◆ **Task item**
Write the data below out again, unchanged.

Given data: Begin

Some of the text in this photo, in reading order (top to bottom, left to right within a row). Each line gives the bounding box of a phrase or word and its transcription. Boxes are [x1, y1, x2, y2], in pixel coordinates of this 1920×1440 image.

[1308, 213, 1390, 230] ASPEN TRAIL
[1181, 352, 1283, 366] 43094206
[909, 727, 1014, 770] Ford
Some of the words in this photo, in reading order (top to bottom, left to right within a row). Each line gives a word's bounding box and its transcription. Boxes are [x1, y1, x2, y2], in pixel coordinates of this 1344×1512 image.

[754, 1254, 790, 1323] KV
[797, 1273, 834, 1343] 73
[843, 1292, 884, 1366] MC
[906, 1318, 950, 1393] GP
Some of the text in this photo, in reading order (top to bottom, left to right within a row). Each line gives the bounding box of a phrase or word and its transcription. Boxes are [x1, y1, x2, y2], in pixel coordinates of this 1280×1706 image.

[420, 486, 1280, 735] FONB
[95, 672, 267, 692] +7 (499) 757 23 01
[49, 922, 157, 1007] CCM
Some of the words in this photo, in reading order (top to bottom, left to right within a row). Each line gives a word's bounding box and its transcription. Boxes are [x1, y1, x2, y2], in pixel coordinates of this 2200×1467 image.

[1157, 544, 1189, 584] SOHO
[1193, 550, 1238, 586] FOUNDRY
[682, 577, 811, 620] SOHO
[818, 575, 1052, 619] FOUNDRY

Given data: End

◆ **Task solution**
Some of the text in this photo, in reading order (top to bottom, left to right within a row). Each line gives the bounding box of a phrase or word and its transcription. Boxes are [x1, y1, x2, y2], in pixel coordinates of this 1920×1440 image.

[1308, 213, 1390, 230] ASPEN TRAIL
[1181, 352, 1283, 366] 43094206
[909, 727, 1014, 770] Ford
Some of the words in this photo, in reading order (top to bottom, left to right within a row). Each line gives a word's bounding box and its transcription. Boxes are [x1, y1, x2, y2], in pixel coordinates of this 1344×1512 image.

[754, 1254, 790, 1323] KV
[797, 1273, 834, 1343] 73
[843, 1292, 884, 1366] MC
[906, 1318, 950, 1393] GP
Some of the text in this photo, in reading order (top to bottom, left to right within a row). Each line gives the bounding box of a phrase or word and its transcription. Boxes are [x1, y1, x2, y2], in pixel coordinates of this 1280×1706 image.

[420, 486, 1280, 735] FONB
[95, 672, 267, 692] +7 (499) 757 23 01
[49, 922, 157, 1007] CCM
Some of the words in this photo, in reading order (top to bottom, left to right within a row). Each line gives a word's bounding box and its transcription. Boxes are [x1, y1, x2, y2], in pixel coordinates of this 2200×1467 image.

[1157, 544, 1189, 584] SOHO
[1193, 550, 1238, 586] FOUNDRY
[682, 577, 811, 620] SOHO
[818, 575, 1052, 619] FOUNDRY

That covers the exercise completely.